Table 5.4 Spray model constants

4.2 Grid Sensitivity

Three computational meshes with different resolutions were used so that the grid sensitivity of the spray model could be tested. The three meshes are: Fig. 5.5a—a 2D cylindrical mesh with a refined resolution of 0.7 mm * 0.7 mm * 0.5° at the nozzle; Fig. 5.5b—a 3D cubic mesh with a refined resolution of 1 mm * 1 mm * 1 mm at the nozzle; and Fig. 5.5c—a 3D cubic mesh with a refined resolution of 1.5 mm * 1.5 mm * 1.5 mm at the nozzle. The 2D cylindrical mesh considers a cylindrical computational domain with a radius of 6.332 cm and a height of 10 cm, which is similar to the geometry of the combustion vessel in the experiments. The 3D cubic meshes consider a domain with a width of 1.8 cm and a height of 10 cm, which is large enough to simulate the spray process.

Fig. 5.5
figure 5

Computational meshes for spray A

Figures 5.6 and 5.7 show transient liquid and vapor penetrations and quasi-steady-state mixture fraction distributions for 900 K, 22.8 kg/m3 and 1100 K, 15.2 kg/m3 operating conditions. The black lines represent the ensemble average of the experimental measurement, and the shadow area indicates the standard deviation. The red, green, and blue lines are CFD predictions with resolutions of 0.7, 1, and 1.5 mm, respectively. Due to the improved grid independency by using liquid-jet and gas-jet models, the liquid penetration is seen to be almost unaffected by the different mesh sizes. However, deviations are found in the vapor penetrations in the region downstream of the liquid length at 10–20 mm axial distance from the nozzle exit, wherein the penetration rate is lower with the coarser mesh. Although the amount of momentum transfer is accurately predicted, the profiles of gaseous phase velocity and mixture fraction distribution have large radial gradient in the near-nozzle region and cannot be sufficiently resolved by the coarse mesh, which leads to flat spray profile (Figs. 5.6a, b and 5.7a, b) and slow penetration rate. However, as the spray keeps penetrating into farther downstream region, the growth rates of penetration for a different mesh resolution become similar, and the transient penetration profiles are all in good agreement with the experimental data for 1.5–3 ms after the start of injection (ASI). Similarly, in the region of 3–5 cm axial distance, grid convergence is achieved for the prediction of mass fraction distribution, indicating a good grid independency of the current spray model.

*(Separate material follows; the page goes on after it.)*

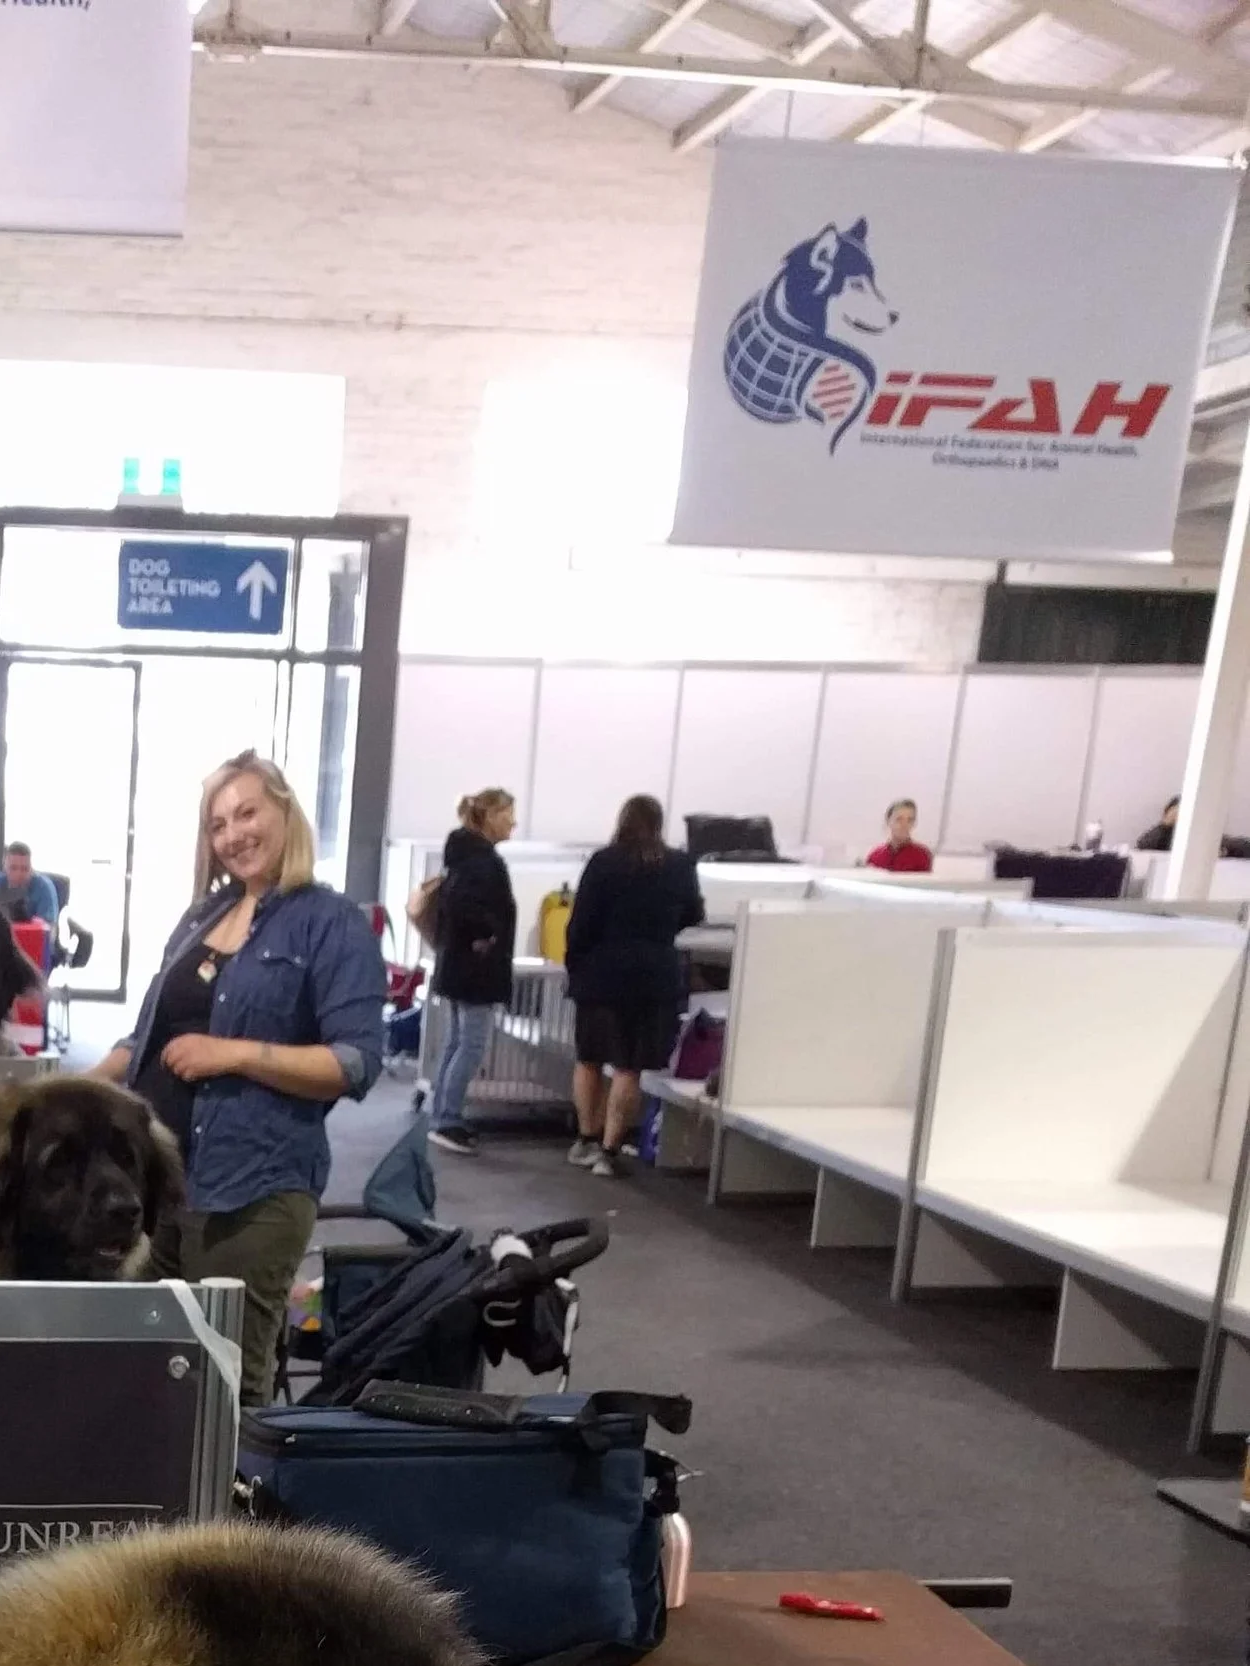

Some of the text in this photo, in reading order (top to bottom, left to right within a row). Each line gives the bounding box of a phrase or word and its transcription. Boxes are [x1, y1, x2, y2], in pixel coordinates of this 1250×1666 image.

[128, 558, 170, 576] DOG
[128, 578, 222, 597] TOILETING
[126, 597, 174, 614] AREA

The 2D mesh with 0.5 cm resolution gives the best match with the experimental measurement under both non-reacting conditions and is used for the rest of this section exclusively.

Fig. 5.6
figure 6

Grid sensitivity for 900 K, 22.8 kg/m3 operating condition (Yue et al. 2017). Black lines are the experimental results; gray area indicates uncertainty; red lines are results of the 0.5° sector mesh (2D) with a resolution of 0.7 mm; green and blue lines are results of cubic meshes with a resolution of 1 and 1.5 mm, respectively. a Vapor and liquid penetrations; mixture fractions b along spray centerline, and cf along radial directions at four axial distances from the nozzle exit at quasi-steady state

Fig. 5.7
figure 7

Grid sensitivity for 1100 K, 15.2 kg/m3 operating condition. See Fig. 5.6 for more explanation

4.3 Effects of Turbulence Model

As mentioned in Sect. 5.3.5, a generalized RNG model is used for the turbulence modeling in this work. However, for comparison, simulations were also performed using the modified RNG model (Han et al. 1995) and the standard k-ε model (Launder et al. 1972), and the results are plotted as green lines and blue lines, respectively, in Figs. 5.8 and 5.9. It is seen that the standard k-ε model overpredicts the spray dispersion with slower penetration, which is considered to be a result of an unchanged model constant used for both compressing and expanding flows \( \left( {C_{3} = - 1.0} \right) \). For 22.8 kg/m3, the mRNG model gives a similar result as the gRNG model and only slightly overpredicts the dispersion at downstream locations. This is largely because the compressibility of flow is also considered in mRNG model \( \left( {C_{3} = \left\{ {\begin{array}{*{20}c} {1.726,{\mkern 1mu} {\mkern 1mu} {\text{if}}{\mkern 1mu} \nabla \cdot {\mathbf{u}} < 0} \\ { - 0.90,{\mkern 1mu} {\mkern 1mu} {\text{if}}{\mkern 1mu} \nabla \cdot {\mathbf{u}} > 0} \\ \end{array} } \right.} \right) \)). However, the discrepancy grows for a lower ambient density condition, where mRNG predicts more similarly to the standard k-ε model, as can be seen in Fig. 5.9, indicating that there is better flexibility of the gRNG model in spray modeling for a wide range of operating conditions which is obtained by modeling \( C_{3} \) as a function of strain rate; see Table 5.2.

Fig. 5.8
figure 8

Influence of turbulence models for 900 K, 22.8 kg/m3 operating condition. Black lines are the experimental results; gray area indicates uncertainty; red, green, and blue lines are CFD results of gRNG, mRNG, and standard k-ε models

Fig. 5.9
figure 9

Influence of turbulence models for 1100 K, 15.2 kg/m3 operating condition. See Fig. 5.8 for more explanation

4.4 Comparison of the EP and Classical Spray Models

It is also of great interest to compare the EP model with a classical Lagrangian spray modeling approach, which includes the hybrid KH-RT breakup model (Beale et al. 1999), the radius-of-influence (ROI) drop collision model (Munnannur et al. 2009), the gas-jet model (Abani et al. 2007), and the discrete multi-component (DMC) vaporization model (Ra et al. 2009). This integrated approach has been widely employed in simulations of fuel injection in IC engines. In this work, the spray model constants were optimized for condition of 900 K, 22.8 kg/m3 (Wang et al. 2014) and were kept unchanged for all the other cases here.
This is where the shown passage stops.